What you will do: Your task is to print all of the data below exactly, with no pictures included.

[Supplied records Boundary: Start]

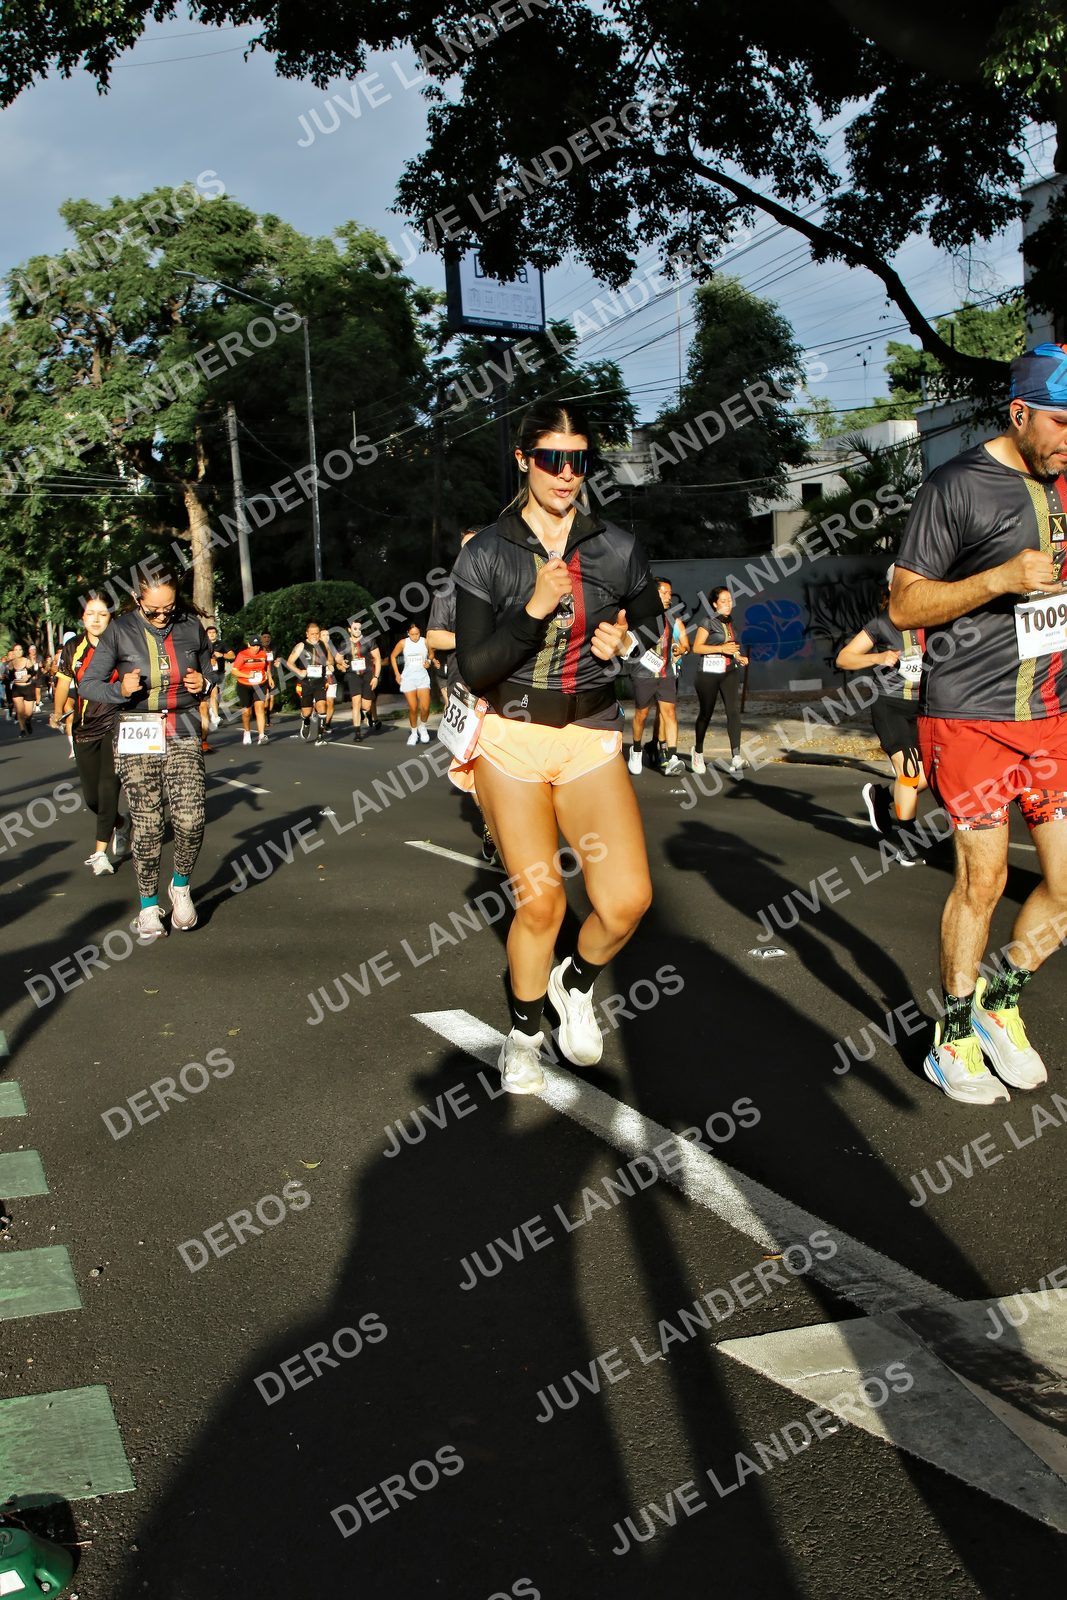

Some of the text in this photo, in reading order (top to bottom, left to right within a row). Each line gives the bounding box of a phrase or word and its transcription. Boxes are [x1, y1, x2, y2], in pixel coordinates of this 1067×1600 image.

[1020, 604, 1067, 634] 1009
[121, 727, 159, 740] 12647
[931, 1045, 940, 1066] OKA
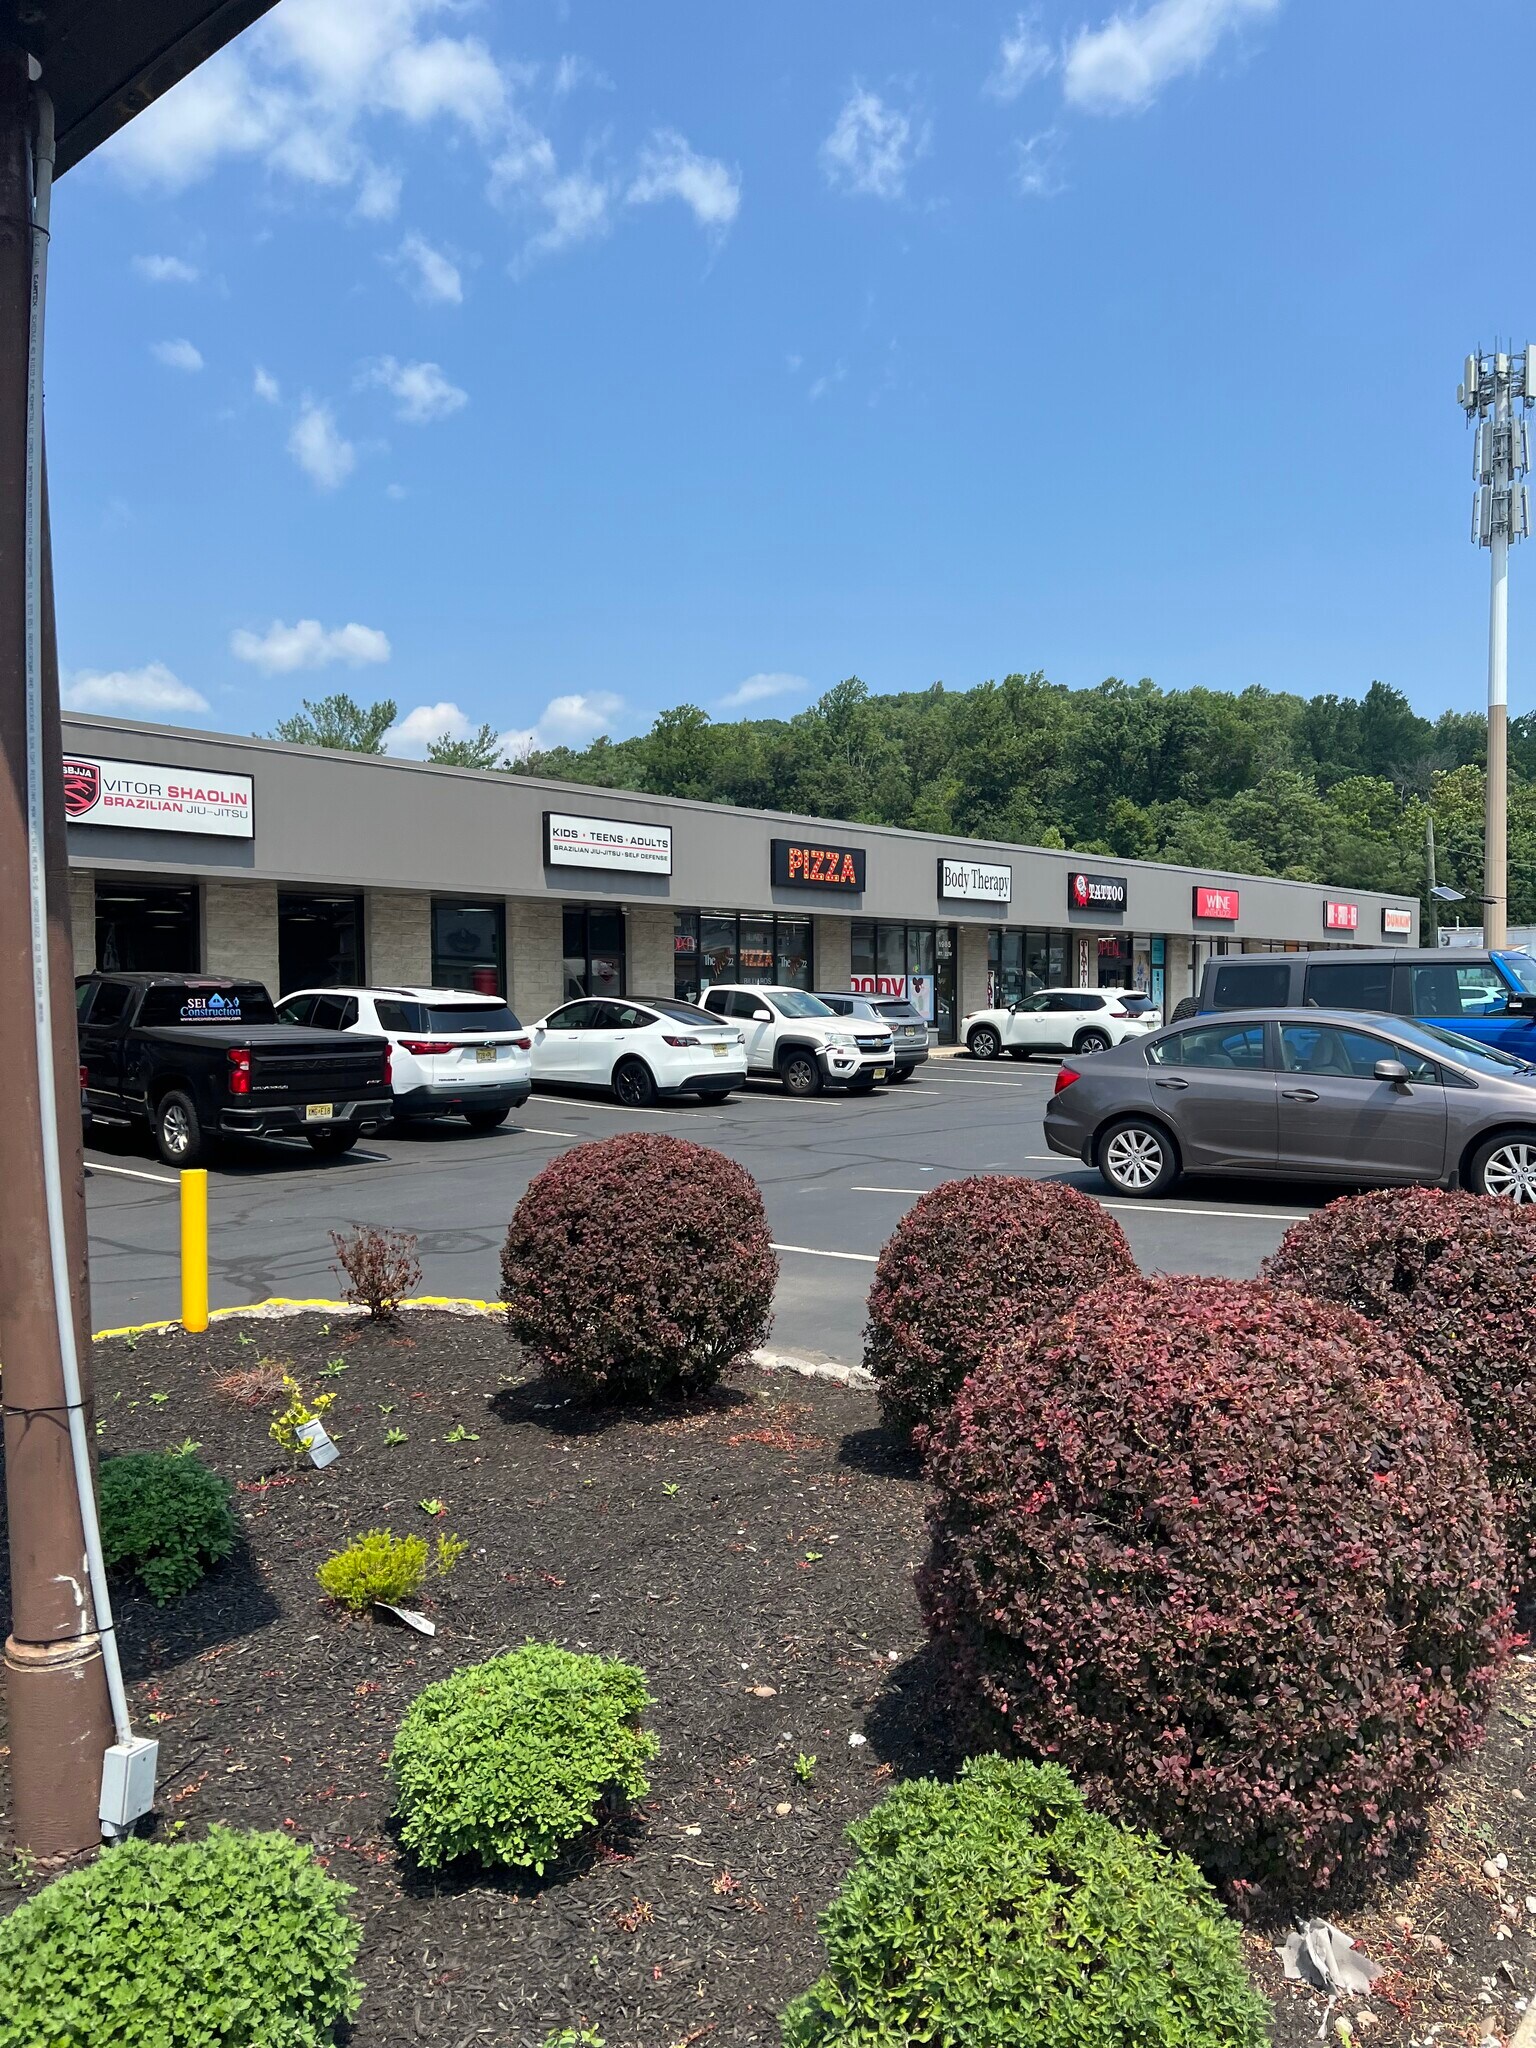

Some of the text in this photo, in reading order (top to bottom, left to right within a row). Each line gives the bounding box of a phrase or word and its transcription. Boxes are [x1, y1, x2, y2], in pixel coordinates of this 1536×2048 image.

[103, 778, 248, 805] VITOR SHAOLIN
[104, 796, 248, 819] BRAZILIAN JIU-JITSU
[552, 828, 669, 848] KIDS TEENS ADULTS
[553, 844, 590, 854] BRAZILIAN
[590, 849, 621, 857] JIU-JITSU
[640, 853, 668, 861] DEFENSE
[789, 847, 856, 884] PIZZA
[944, 866, 1010, 897] Body Therapy
[1088, 883, 1124, 902] TATTOO
[1206, 892, 1231, 910] WINE
[704, 954, 716, 966] The
[180, 1006, 242, 1017] Construction
[187, 998, 206, 1009] SEI

[Supplied records Boundary: End]

Exercise result:
Some of the text in this photo, in reading order (top to bottom, left to right within a row). Each line gives the bounding box of a phrase or word and its transcription. Boxes are [x1, y1, x2, y2], in pixel coordinates of this 1067×1600 image.

[1020, 604, 1067, 634] 1009
[121, 727, 159, 740] 12647
[931, 1045, 940, 1066] OKA

Some of the text in this photo, in reading order (top to bottom, left to right within a row). Each line gives the bounding box of a phrase or word and its transcription. Boxes are [x1, y1, x2, y2], in pixel coordinates of this 1536×2048 image.

[103, 778, 248, 805] VITOR SHAOLIN
[104, 796, 248, 819] BRAZILIAN JIU-JITSU
[552, 828, 669, 848] KIDS TEENS ADULTS
[553, 844, 590, 854] BRAZILIAN
[590, 849, 621, 857] JIU-JITSU
[640, 853, 668, 861] DEFENSE
[789, 847, 856, 884] PIZZA
[944, 866, 1010, 897] Body Therapy
[1088, 883, 1124, 902] TATTOO
[1206, 892, 1231, 910] WINE
[704, 954, 716, 966] The
[180, 1006, 242, 1017] Construction
[187, 998, 206, 1009] SEI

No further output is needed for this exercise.